With the arrival of new technologies, Mr. Terlep sees that this sequence will soon change. “After a collision, the car will directly send the damage detected by the sensors to the insurer after computer analysis. The customer will directly receive an invitation to an appointment for the repair, which will be done according to the manufacturer’s processes. The consumer will only have to pick up the vehicle and fill out the survey. It is the vehicle that triggers the whole operation.”

According to him, this new approach would save an average of three days of surgery and $600 in repair process costs.

The ADAS Revolution

For the speaker, the most important vector of change in bodywork will undoubtedly be advanced driver assistance systems. The U.S. Department of Transportation and Highway Safety (NHTSA) has mandated that by 2022, Automatic Emergency Braking Systems (AEDs) be delivered as standard on 97% of new vehicles. Already today, some 45% of cars on North American roads are equipped with some version of AED.

Automatic emergency braking systems are growing exponentially. Photo: Test Drive Copilot

“Both insurers and repairers are going to have to get on board and understand how this works,” says Terlep. “The repair process has never been more important because the accuracy of its systems is directly related to the safety of motorists.”

The calibration of cameras, long and short-range radars and other lidars of this world represents a very important market. According to the expert’s analysis, in the United States, the market for calibrations alone represents revenues of US$396 million. Based on a calibration operation at $300 each, he predicts that this potential market will reach $864 million by 2025, as the number of vehicles equipped with ADAS increases.

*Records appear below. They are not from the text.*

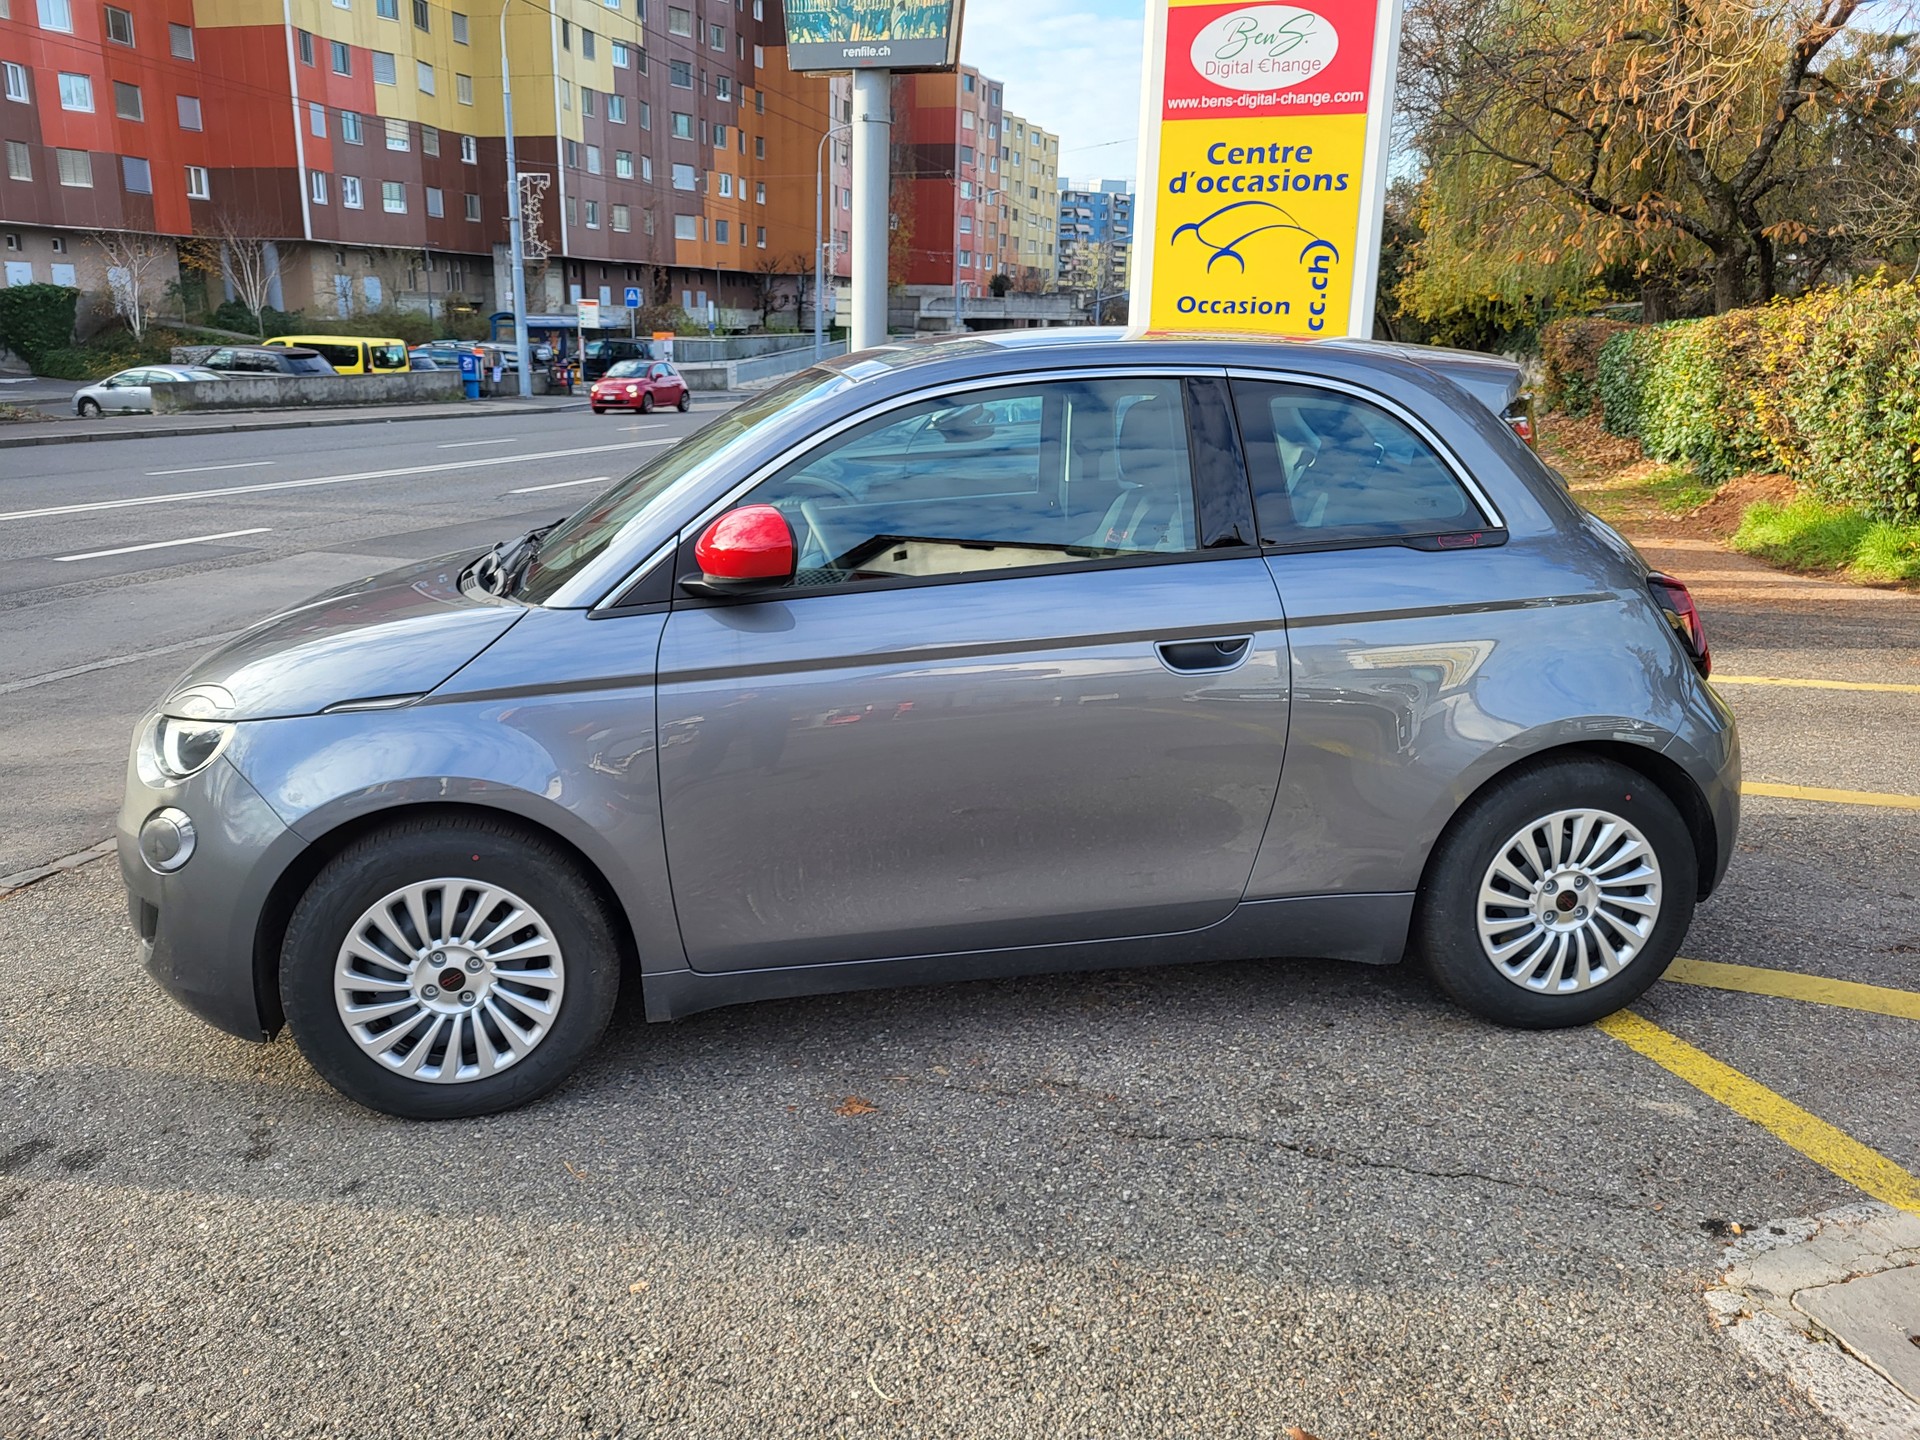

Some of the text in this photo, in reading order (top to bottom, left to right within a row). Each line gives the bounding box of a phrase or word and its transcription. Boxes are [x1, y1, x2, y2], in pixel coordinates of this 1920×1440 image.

[842, 45, 891, 58] renfile.ch
[1204, 59, 1254, 79] Digital
[1167, 90, 1364, 109] www.bens-digital-change.com
[1206, 142, 1313, 166] Centre
[1168, 168, 1349, 194] d'occasions
[1307, 255, 1330, 331] cc.ch
[1177, 296, 1290, 315] Occasion
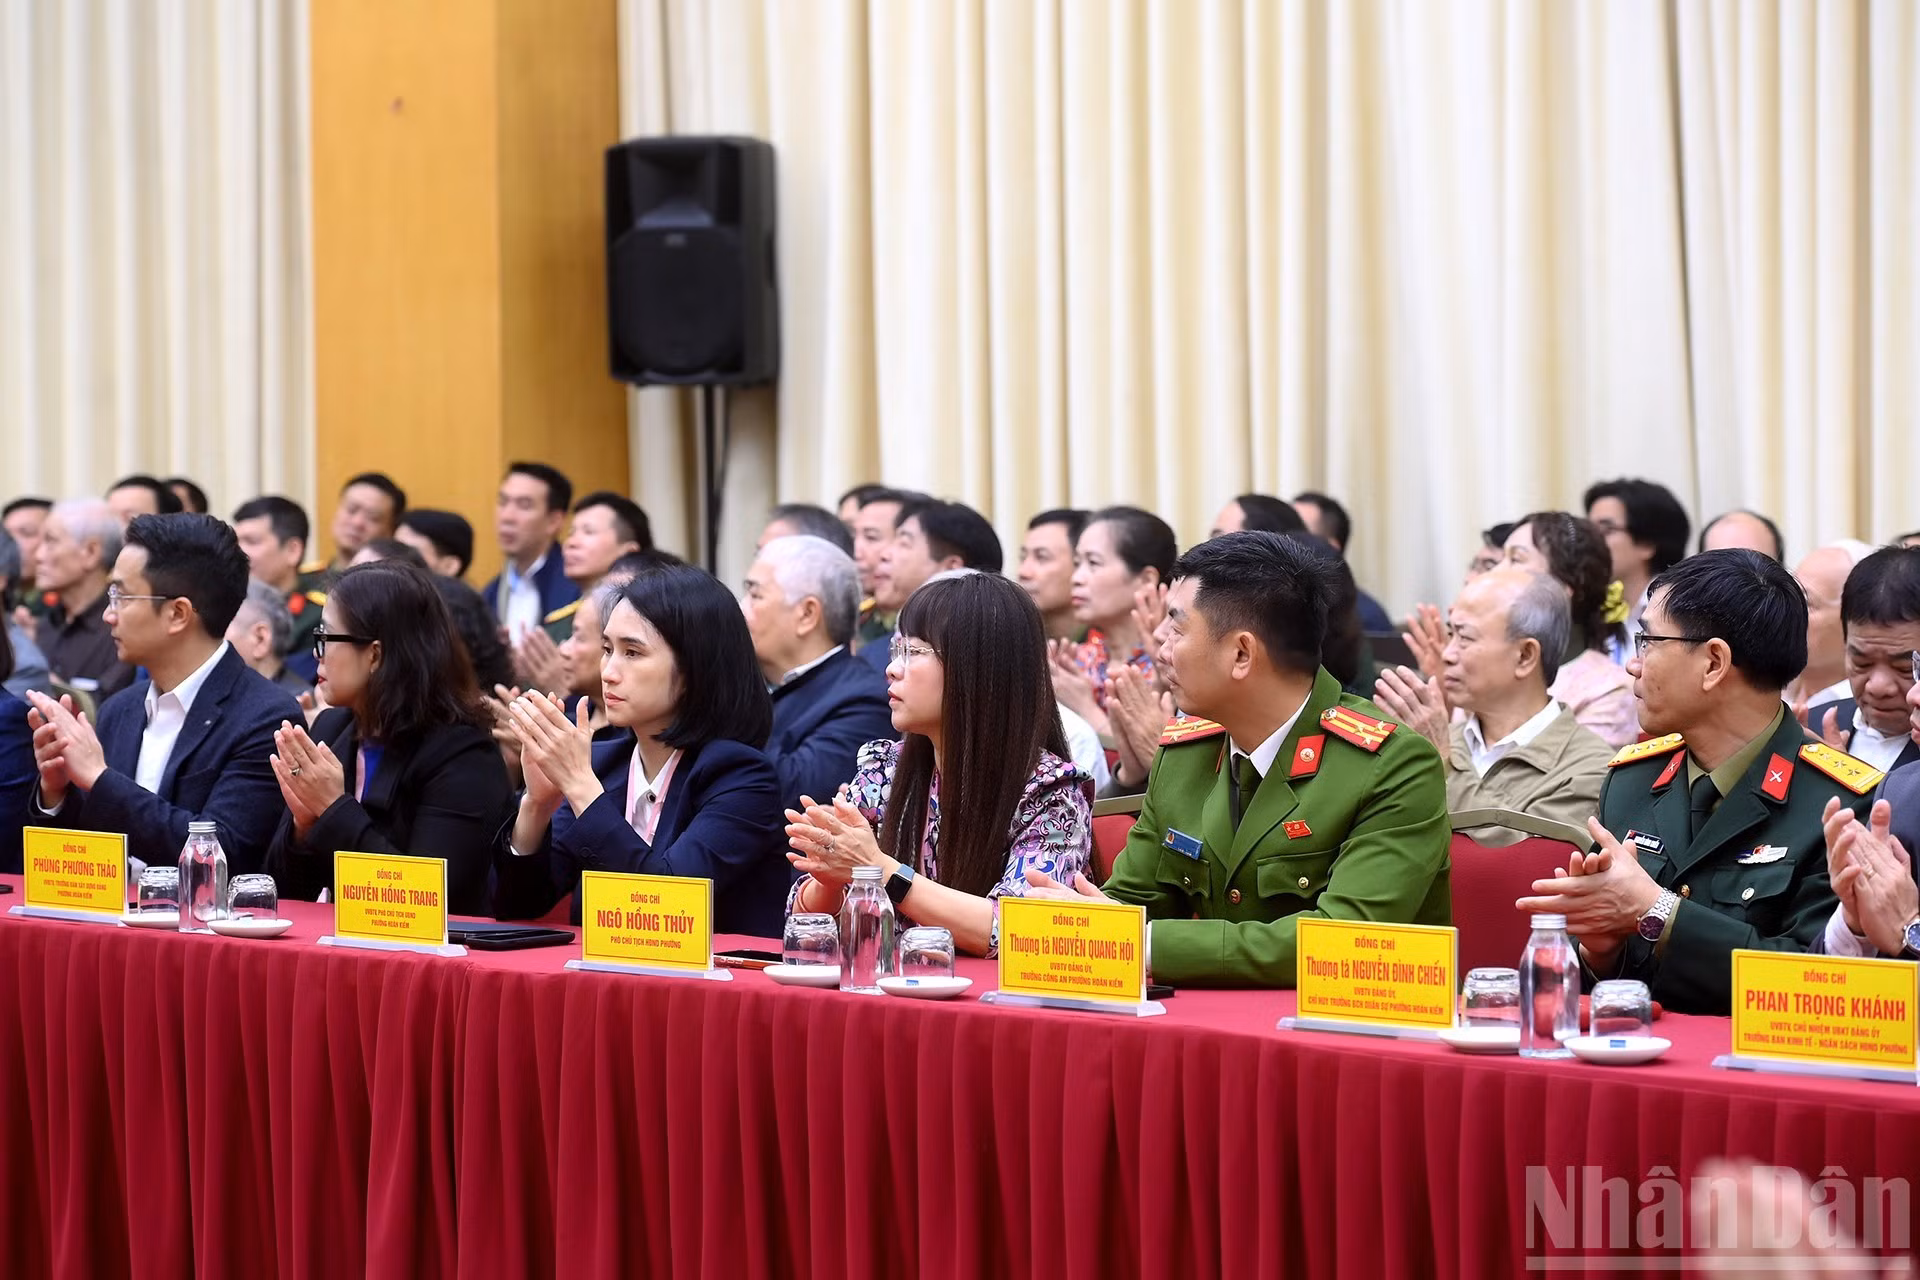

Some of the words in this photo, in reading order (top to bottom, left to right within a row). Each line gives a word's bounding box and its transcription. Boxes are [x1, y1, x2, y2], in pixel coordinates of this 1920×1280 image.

[34, 856, 60, 873] PHÙNG
[63, 860, 94, 876] PHƯƠNG
[97, 859, 117, 878] THẢO
[377, 868, 392, 880] ĐỒNG
[393, 870, 403, 881] CHÍ
[343, 881, 378, 902] NGUYỄN
[381, 883, 406, 904] HỒNG
[409, 890, 438, 907] TRANG
[631, 891, 648, 904] ĐỒNG
[649, 893, 660, 904] CHÍ
[597, 908, 622, 929] NGÔ
[626, 906, 660, 932] HỒNG
[663, 910, 694, 934] THỦY
[1053, 913, 1074, 926] ĐỒNG
[1076, 916, 1089, 928] CHÍ
[1010, 933, 1039, 957] Thượng
[1042, 936, 1049, 955] tá
[1052, 932, 1086, 957] NGUYỄN
[1088, 940, 1117, 960] QUANG
[1120, 938, 1134, 966] HỘI
[1355, 935, 1378, 949] ĐỒNG
[1381, 938, 1395, 950] CHÍ
[1059, 976, 1068, 984] AN
[1306, 956, 1338, 981] Thượng
[1341, 959, 1350, 978] tá
[1353, 955, 1389, 982] NGUYỄN
[1393, 959, 1414, 984] ĐÌNH
[1418, 960, 1446, 986] CHIẾN
[1804, 969, 1828, 983] ĐỒNG
[1831, 971, 1846, 985] CHÍ
[1746, 990, 1789, 1012] PHAN
[1794, 994, 1845, 1020] TRỌNG
[1851, 994, 1906, 1021] KHÁNH

“It’s not a figment of the imagination,” he says. “We’re already seeing the emergence of specialized centers in some states that are dedicated solely to calibration activities. They outsource their services to body shops who don’t have space, knowledge or equipment to do so. I would caution workshops on this subject. If you want to offer ADAS repair and calibration services, commit yourself fully or not at all. There is no room for amateurism.”


In this sense, Frank Terlep sees that the collision industry will necessarily have to become more specialized. He considers that the consolidation of networks, where an increasing number of workshops will be in the hands of a smaller number of players, will encourage this phenomenon, which he sees as inevitable. “I don’t think a small independent shop will be able to repair all these high-tech vehicles,” he says. “We’re already seeing large networks setting up specialized shops by brand and region. You can’t be good at everything. ”

Frank Terlep, author and speaker Photo: SCRS

The solution for a body shop is based on these choices. Analyze the demand in its region and choose to work on a limited number of models. “Ideally, you should seek certification from the manufacturer(s) you choose,” he advises. “Working with regional dealerships is a must. I know that manufacturers need to help the aftermarket by sharing knowledge, data and repair processes. But the body shop has to get close to the manufacturer, pick up the equipment, train their technicians and, most importantly, rigorously follow the repair process. ”

“Body shops must evolve and make choices. You can’t be resistant to change,” says the expert. Pre- and post-repair scans, for example, should be an integral part of the repair process. It’s non-negotiable. “Workshops will have to make choices in the face of the new reality; they can’t standstill. The solution is to partner with dealers, but also with specialized service providers.”